After producing saffron extract, pure crocin powder was extracted by the adept in charge in Booali research center affiliated with Mashhad University of Medical Sciences. Then, tablets 1 cm in diameter, 3 mm in thickness, and weighing 400 ± 20 mg each consisting of 20% crocin and 80% starch excipient were manufactured, and an industrial pharmacist carried out quality tests on them. Besides, placebos which had all the face value of the real tablets were made using starch and artificial coloring specific number of the tablets (both real ones and placebos) were packed up considering the number of the days they were to be taken.

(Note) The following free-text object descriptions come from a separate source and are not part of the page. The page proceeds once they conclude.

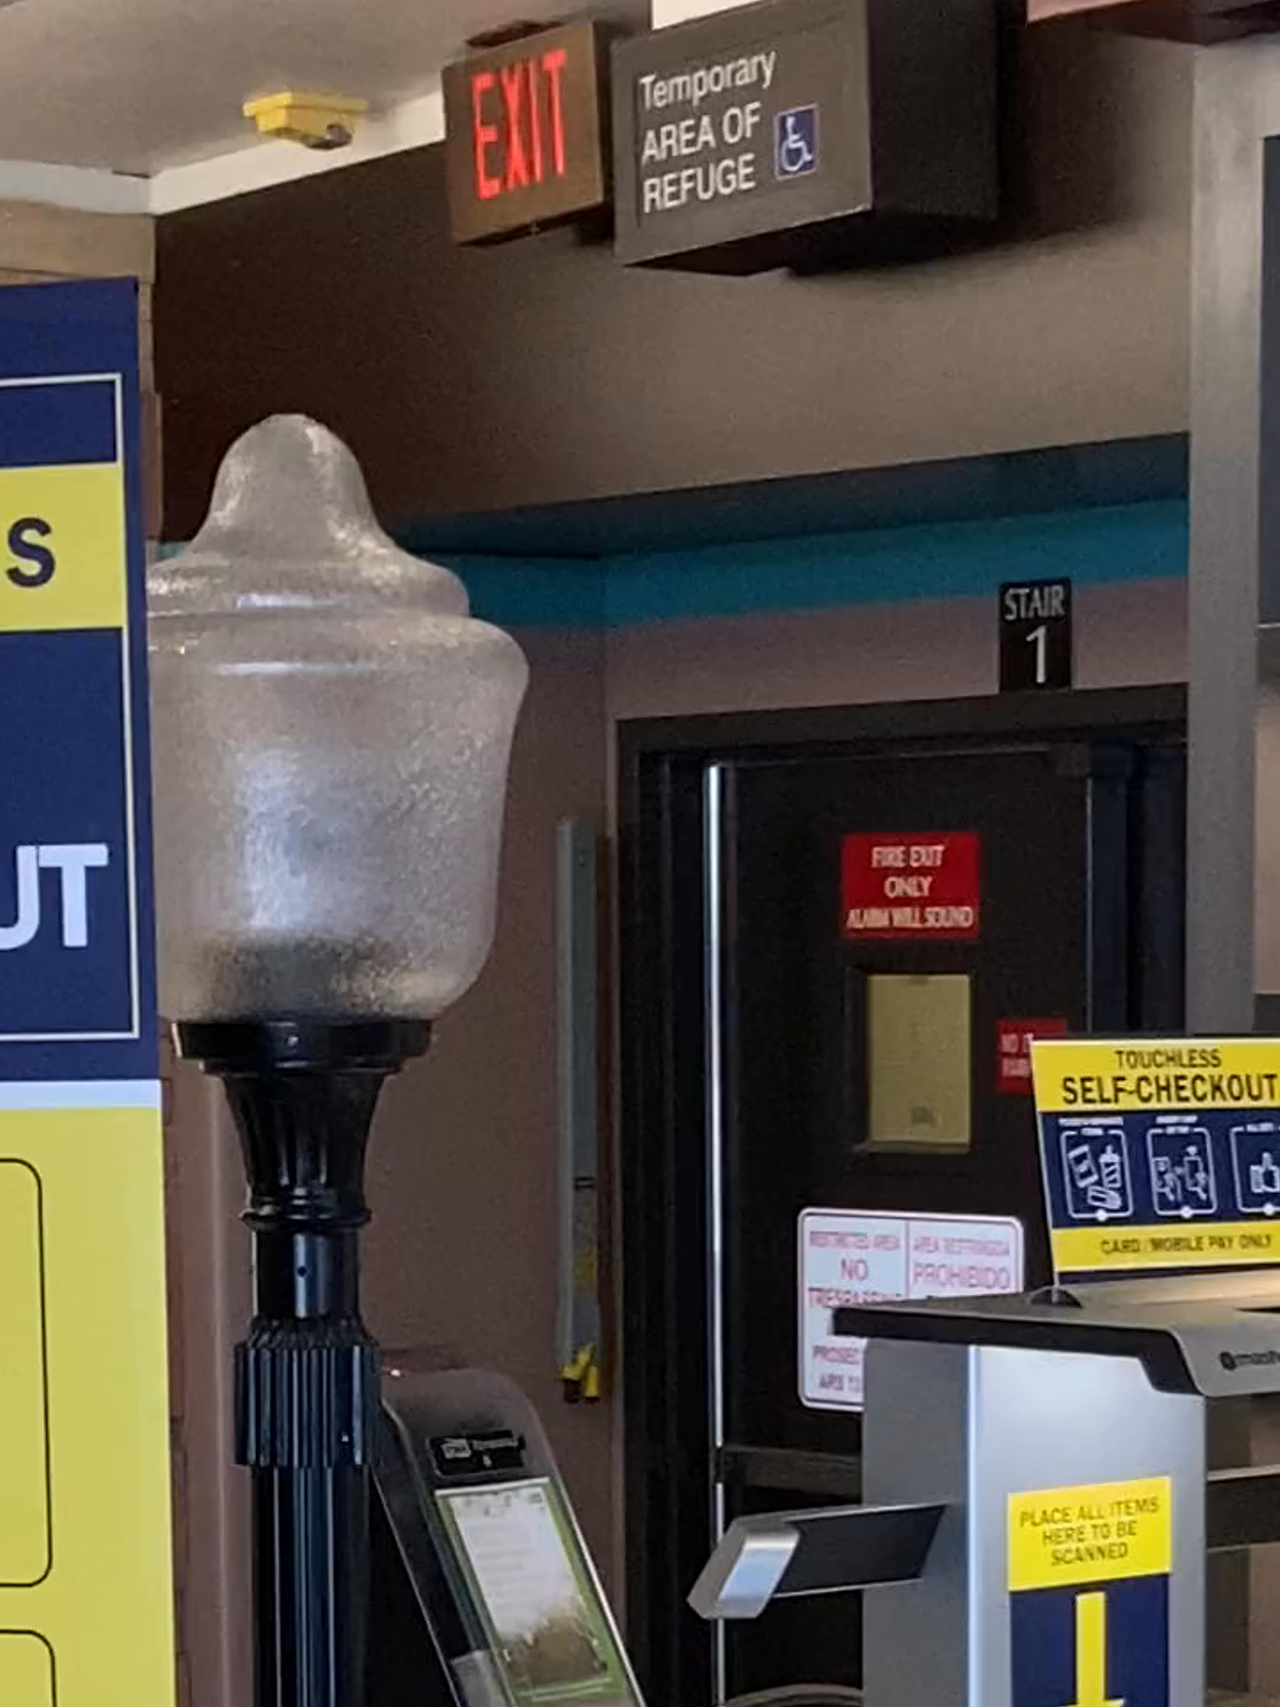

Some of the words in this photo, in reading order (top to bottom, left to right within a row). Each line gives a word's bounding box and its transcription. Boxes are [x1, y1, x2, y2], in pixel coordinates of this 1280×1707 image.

[639, 50, 776, 110] Temporary
[471, 48, 568, 201] EXIT
[642, 114, 716, 166] AREA
[722, 100, 762, 144] OF
[643, 152, 756, 214] REFUGE
[1004, 584, 1066, 622] STAIR
[1025, 624, 1046, 684] 1
[871, 845, 906, 868] FIRE
[909, 844, 945, 868] EXIT
[883, 875, 933, 898] ONLY
[846, 907, 890, 929] ALARM
[891, 906, 923, 929] WILL
[923, 905, 973, 928] SOUND
[1115, 1048, 1222, 1070] TOUCHLESS
[1062, 1073, 1278, 1105] SELF-CHECKOUT
[1208, 1235, 1235, 1250] PAY
[1238, 1233, 1272, 1250] ONLY
[840, 1258, 869, 1281] NO
[1020, 1506, 1072, 1529] PLACE
[1077, 1502, 1105, 1523] ALL
[1109, 1496, 1160, 1518] ITEMS
[1042, 1523, 1086, 1546] HERE
[1090, 1522, 1112, 1542] TO
[1116, 1520, 1138, 1539] BE
[1050, 1542, 1129, 1566] SCANNED
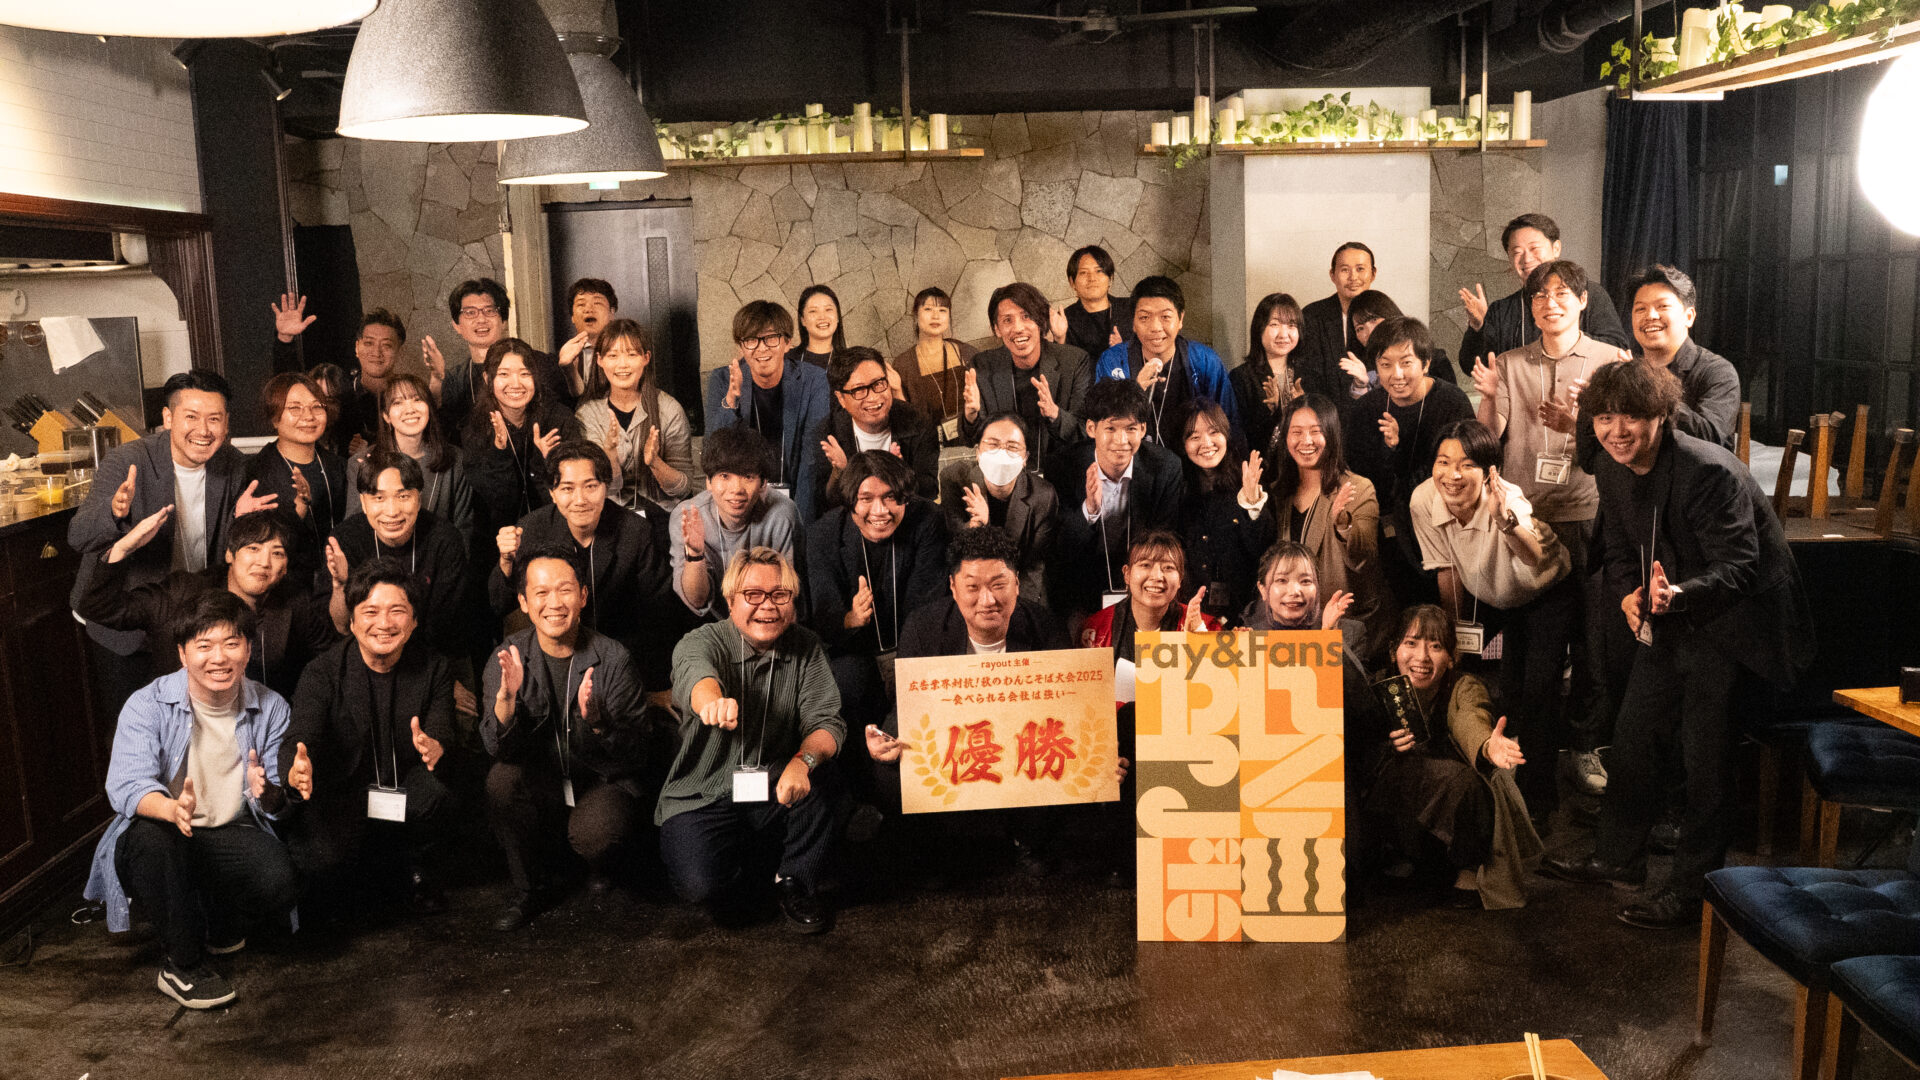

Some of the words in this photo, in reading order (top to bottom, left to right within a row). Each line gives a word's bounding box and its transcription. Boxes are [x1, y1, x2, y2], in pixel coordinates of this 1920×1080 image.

[981, 659, 1011, 671] rayout
[1014, 657, 1030, 667] 主催
[1135, 631, 1343, 681] ray&Fans
[942, 717, 1077, 786] 優勝

All the boxes were numbered so that all even numbers contained real tablets and all odd numbers had placebos, so the study was blinded for two groups. All tablets (real ones and placebos) were kept in a cool place which was not exposed to light.
All participants underwent a clinical evaluation including standard diagnostic interview and medical history. Height and weight were measured according to a standard protocol by a trained health-care professional with participants wearing lightweight clothing and no shoes using a Seca 200 scale with attached stadiometer (Seca, Hamburg, Germany). Body mass index (BMI) was calculated as weight in kilograms divided by the square of height in meters. Waist, hip, and thigh circumferences were measured using a standard tape measure, and the waist-to-hip ratio and the waist-to-thigh ratio were calculated to obtain the anthropometric indices for the pattern of body fat distribution. A mercury sphygmomanometer (Rudolf Riester GmbH and Co. Jungingen, Germany) was used to measure the BP with the participant sitting and after 10 min of rest. A blood sample was taken after 12 h overnight fasting and sent to laboratory for the measurement of FBS, serum lipids including TG, total cholesterol (Chol), HDL, and low-density lipoprotein (LDL). All measurements and laboratory tests were recorded at the onset of the study and after 6 weeks of intervention. Participants were requested to have no change in their lifestyle patterns during the study period.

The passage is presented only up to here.